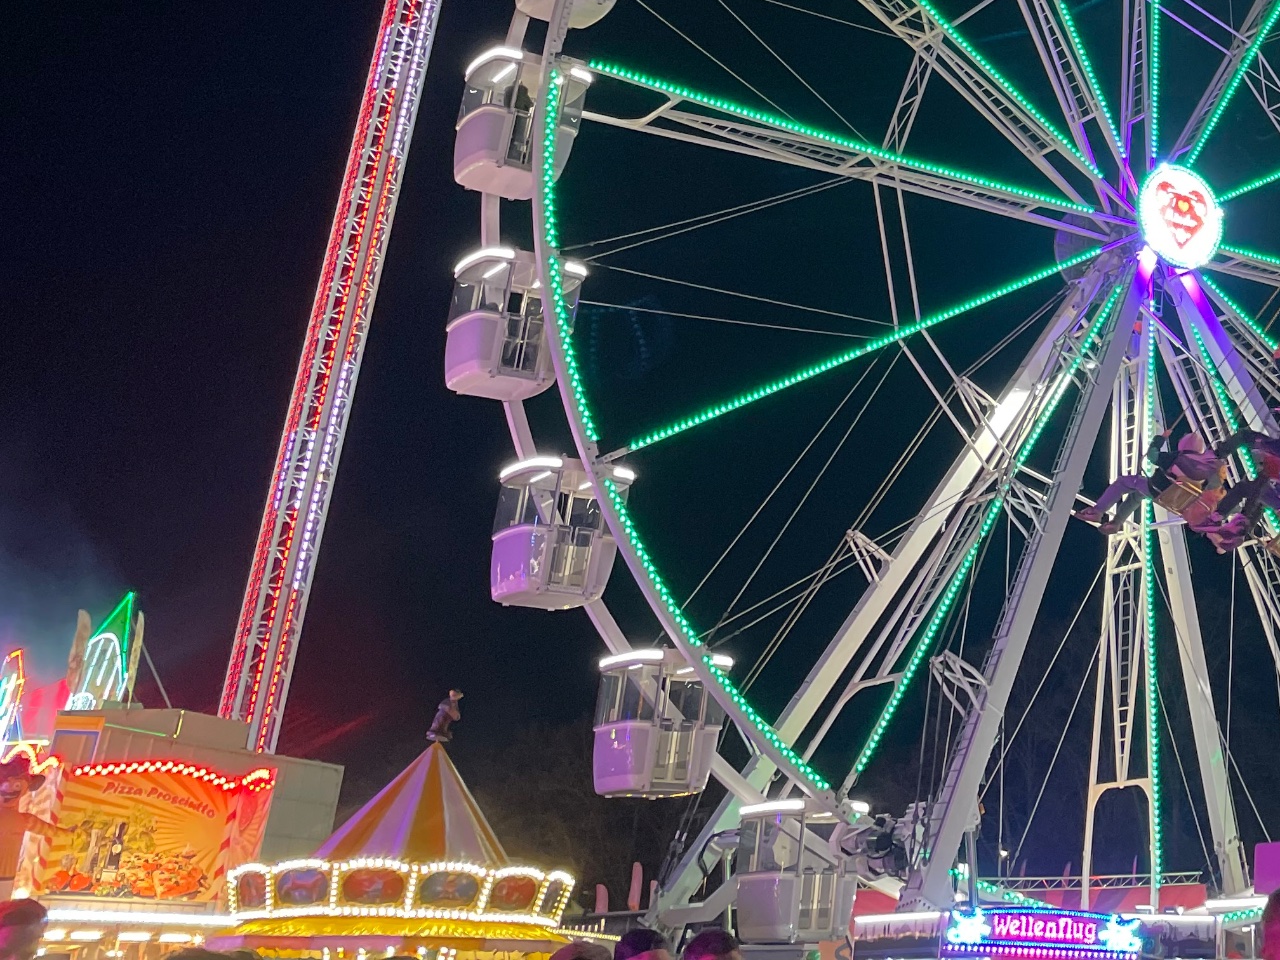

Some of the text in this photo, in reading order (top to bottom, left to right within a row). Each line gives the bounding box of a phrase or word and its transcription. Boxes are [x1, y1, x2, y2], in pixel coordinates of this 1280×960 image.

[102, 782, 215, 819] Pizza Prosciutto
[994, 915, 1096, 944] Wellenflug
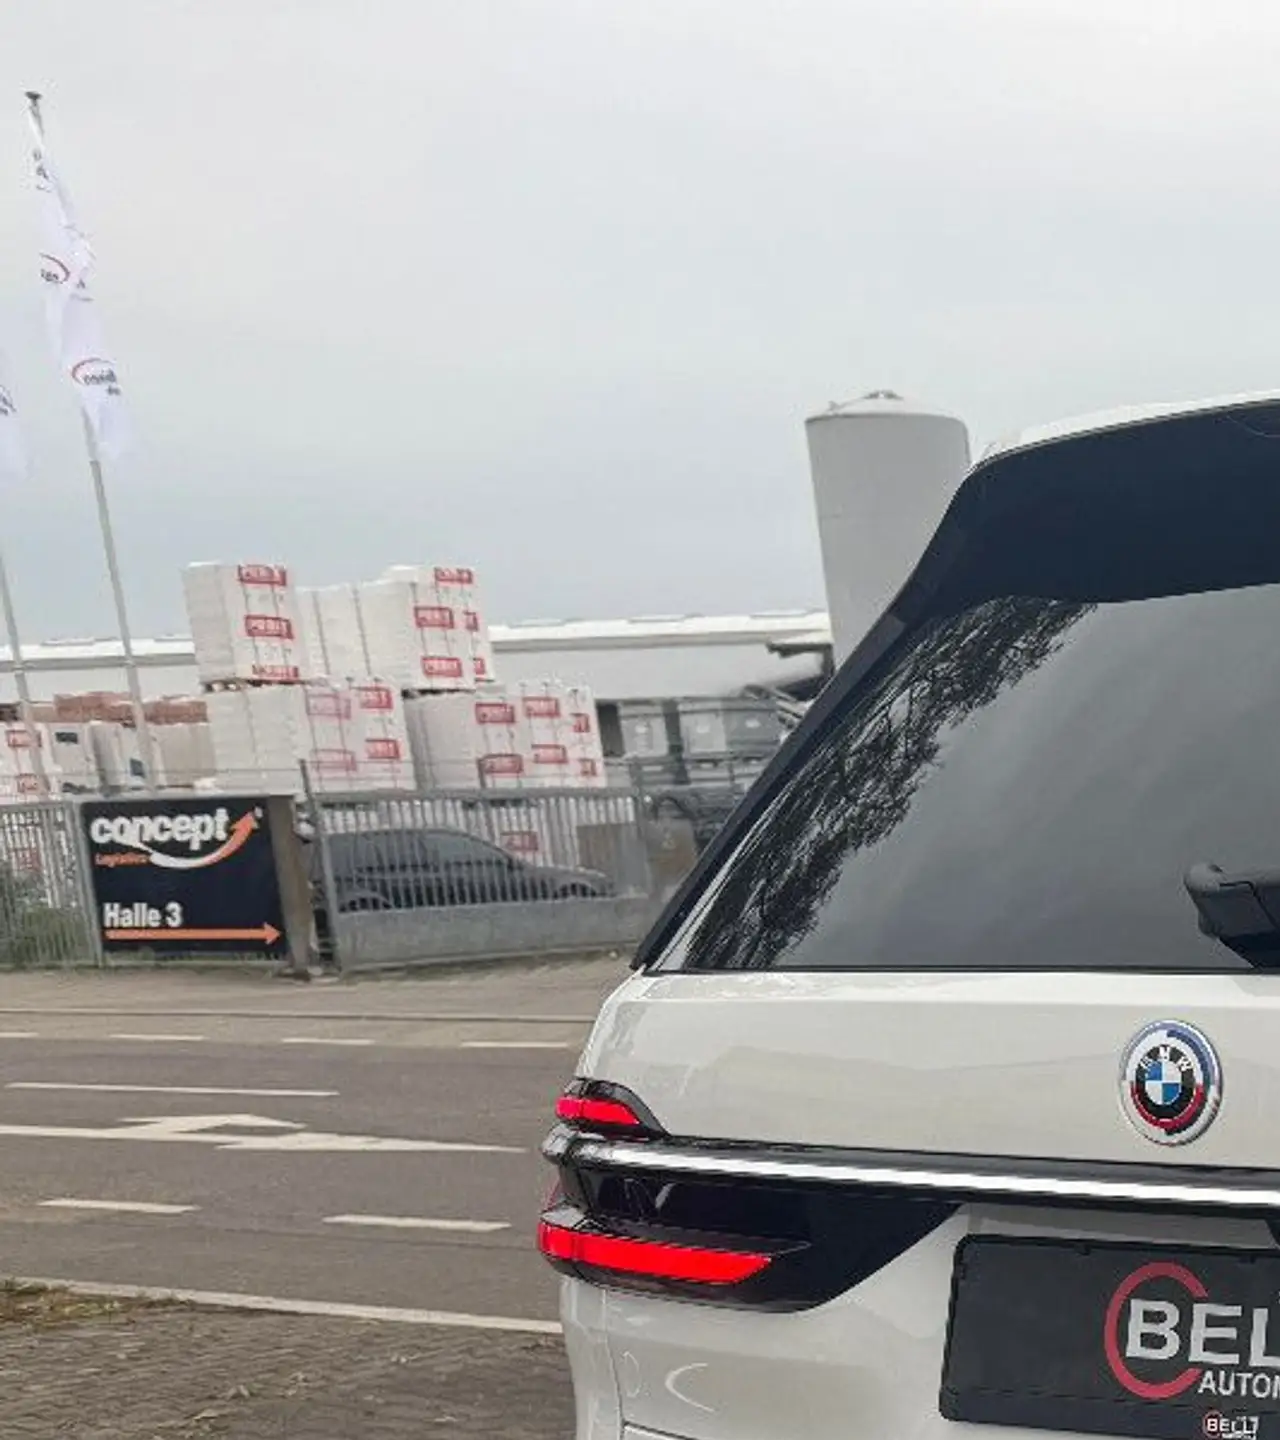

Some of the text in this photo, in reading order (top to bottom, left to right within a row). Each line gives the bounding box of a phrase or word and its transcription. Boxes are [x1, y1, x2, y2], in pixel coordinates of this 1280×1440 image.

[91, 807, 229, 850] concept
[103, 901, 183, 928] Halle 3
[1140, 1045, 1193, 1072] BMW

> **What you are asked to do**: Return each record exactly as given, excluding any image.

> **Written response**:
Some of the text in this photo, in reading order (top to bottom, left to right within a row). Each line gives the bounding box of a phrase or word and its transcription. Boxes are [x1, y1, x2, y2], in pixel coordinates of this 1280×960 image.

[102, 782, 215, 819] Pizza Prosciutto
[994, 915, 1096, 944] Wellenflug

Some of the text in this photo, in reading order (top to bottom, left to right within a row). Each line gives the bounding box of a phrase or word and its transcription. Boxes are [x1, y1, x2, y2], in pixel coordinates of this 1280×1440 image.

[91, 807, 229, 850] concept
[103, 901, 183, 928] Halle 3
[1140, 1045, 1193, 1072] BMW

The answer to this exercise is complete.